> Assignment: All of the entries need to be copied character for character.

> Stored data:
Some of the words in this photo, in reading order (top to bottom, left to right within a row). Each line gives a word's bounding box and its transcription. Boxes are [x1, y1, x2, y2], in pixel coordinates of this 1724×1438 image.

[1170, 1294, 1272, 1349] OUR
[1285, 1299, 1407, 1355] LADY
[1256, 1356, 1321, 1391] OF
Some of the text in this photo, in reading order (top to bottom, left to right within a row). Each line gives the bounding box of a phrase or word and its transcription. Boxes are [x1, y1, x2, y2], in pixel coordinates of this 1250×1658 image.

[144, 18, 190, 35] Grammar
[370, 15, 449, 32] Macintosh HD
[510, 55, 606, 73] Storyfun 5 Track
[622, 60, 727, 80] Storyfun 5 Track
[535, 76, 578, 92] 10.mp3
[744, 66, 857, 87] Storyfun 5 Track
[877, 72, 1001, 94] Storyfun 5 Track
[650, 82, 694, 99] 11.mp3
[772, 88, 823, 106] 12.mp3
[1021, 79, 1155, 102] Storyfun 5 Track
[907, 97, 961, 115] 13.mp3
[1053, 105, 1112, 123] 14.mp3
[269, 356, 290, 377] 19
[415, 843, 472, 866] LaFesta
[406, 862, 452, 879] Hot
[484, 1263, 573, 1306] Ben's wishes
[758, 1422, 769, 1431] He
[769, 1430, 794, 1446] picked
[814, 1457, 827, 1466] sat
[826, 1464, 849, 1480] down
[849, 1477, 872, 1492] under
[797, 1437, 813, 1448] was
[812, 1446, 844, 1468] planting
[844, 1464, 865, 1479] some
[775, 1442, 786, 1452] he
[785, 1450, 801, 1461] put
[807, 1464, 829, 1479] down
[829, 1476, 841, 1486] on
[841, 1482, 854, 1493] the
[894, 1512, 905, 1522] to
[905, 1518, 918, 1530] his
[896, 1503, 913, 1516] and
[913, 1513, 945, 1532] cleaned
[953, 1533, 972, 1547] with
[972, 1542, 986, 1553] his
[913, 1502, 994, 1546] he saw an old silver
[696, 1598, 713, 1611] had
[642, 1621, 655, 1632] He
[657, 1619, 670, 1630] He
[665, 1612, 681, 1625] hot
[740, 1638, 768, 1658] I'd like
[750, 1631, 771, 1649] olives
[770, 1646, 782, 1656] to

> Answer for this exercise:
Some of the words in this photo, in reading order (top to bottom, left to right within a row). Each line gives a word's bounding box and its transcription. Boxes are [x1, y1, x2, y2], in pixel coordinates of this 1724×1438 image.

[1170, 1294, 1272, 1349] OUR
[1285, 1299, 1407, 1355] LADY
[1256, 1356, 1321, 1391] OF
Some of the text in this photo, in reading order (top to bottom, left to right within a row). Each line gives the bounding box of a phrase or word and its transcription. Boxes are [x1, y1, x2, y2], in pixel coordinates of this 1250×1658 image.

[144, 18, 190, 35] Grammar
[370, 15, 449, 32] Macintosh HD
[510, 55, 606, 73] Storyfun 5 Track
[622, 60, 727, 80] Storyfun 5 Track
[535, 76, 578, 92] 10.mp3
[744, 66, 857, 87] Storyfun 5 Track
[877, 72, 1001, 94] Storyfun 5 Track
[650, 82, 694, 99] 11.mp3
[772, 88, 823, 106] 12.mp3
[1021, 79, 1155, 102] Storyfun 5 Track
[907, 97, 961, 115] 13.mp3
[1053, 105, 1112, 123] 14.mp3
[269, 356, 290, 377] 19
[415, 843, 472, 866] LaFesta
[406, 862, 452, 879] Hot
[484, 1263, 573, 1306] Ben's wishes
[758, 1422, 769, 1431] He
[769, 1430, 794, 1446] picked
[814, 1457, 827, 1466] sat
[826, 1464, 849, 1480] down
[849, 1477, 872, 1492] under
[797, 1437, 813, 1448] was
[812, 1446, 844, 1468] planting
[844, 1464, 865, 1479] some
[775, 1442, 786, 1452] he
[785, 1450, 801, 1461] put
[807, 1464, 829, 1479] down
[829, 1476, 841, 1486] on
[841, 1482, 854, 1493] the
[894, 1512, 905, 1522] to
[905, 1518, 918, 1530] his
[896, 1503, 913, 1516] and
[913, 1513, 945, 1532] cleaned
[953, 1533, 972, 1547] with
[972, 1542, 986, 1553] his
[913, 1502, 994, 1546] he saw an old silver
[696, 1598, 713, 1611] had
[642, 1621, 655, 1632] He
[657, 1619, 670, 1630] He
[665, 1612, 681, 1625] hot
[740, 1638, 768, 1658] I'd like
[750, 1631, 771, 1649] olives
[770, 1646, 782, 1656] to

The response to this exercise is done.